_Exercise_
Write out every record below exactly as given. Leave the pictures out.

[Image-backed grounding data]

- - - - - - -

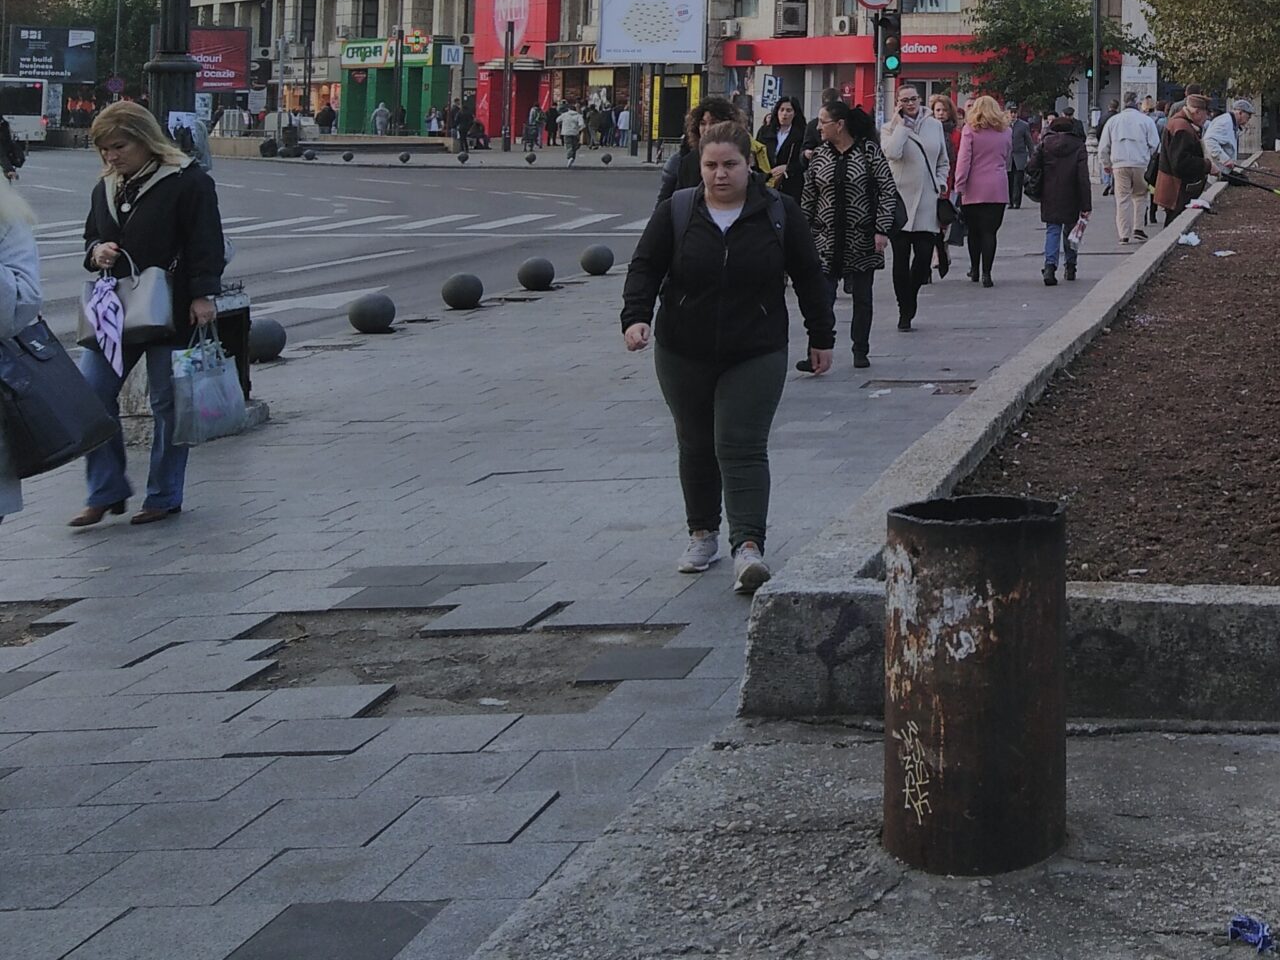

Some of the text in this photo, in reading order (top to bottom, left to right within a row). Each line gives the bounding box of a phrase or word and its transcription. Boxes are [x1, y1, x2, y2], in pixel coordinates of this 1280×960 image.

[32, 55, 53, 63] build
[446, 49, 461, 62] M
[19, 62, 54, 70] business
[19, 69, 72, 77] professionals
[203, 69, 235, 78] ocazie
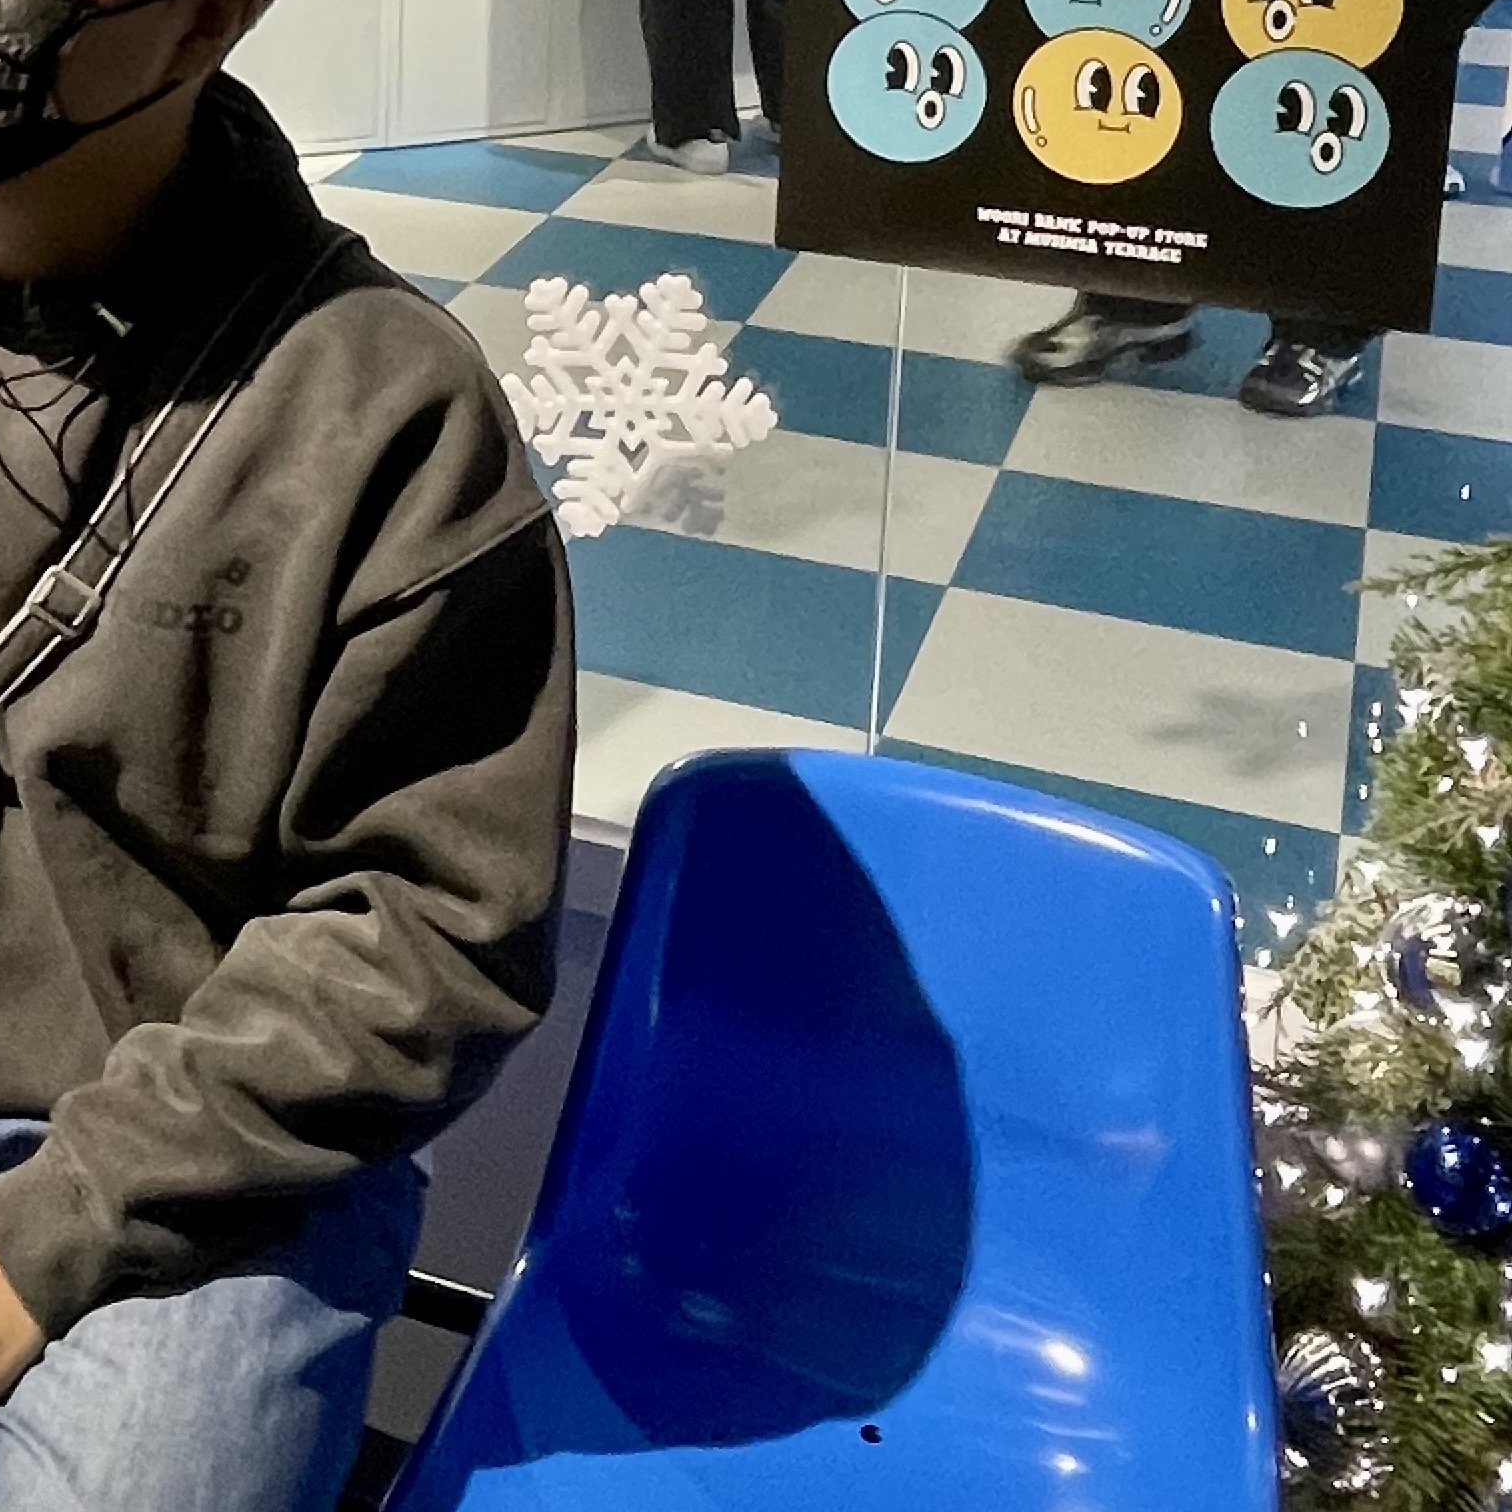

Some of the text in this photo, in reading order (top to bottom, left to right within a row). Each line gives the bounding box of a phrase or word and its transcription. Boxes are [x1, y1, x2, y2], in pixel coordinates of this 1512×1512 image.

[996, 226, 1022, 245] AT
[1102, 240, 1183, 264] TERRACE
[1086, 219, 1150, 241] POP-UP
[1154, 228, 1209, 250] STORE

- - - - - - -

_The completed task_
Some of the text in this photo, in reading order (top to bottom, left to right within a row). Each line gives the bounding box of a phrase or word and its transcription. Boxes are [x1, y1, x2, y2], in pixel coordinates of this 1280×960 image.

[32, 55, 53, 63] build
[446, 49, 461, 62] M
[19, 62, 54, 70] business
[19, 69, 72, 77] professionals
[203, 69, 235, 78] ocazie

Some of the text in this photo, in reading order (top to bottom, left to right within a row). Each line gives the bounding box of a phrase or word and its transcription. Boxes are [x1, y1, x2, y2], in pixel coordinates of this 1512×1512 image.

[996, 226, 1022, 245] AT
[1102, 240, 1183, 264] TERRACE
[1086, 219, 1150, 241] POP-UP
[1154, 228, 1209, 250] STORE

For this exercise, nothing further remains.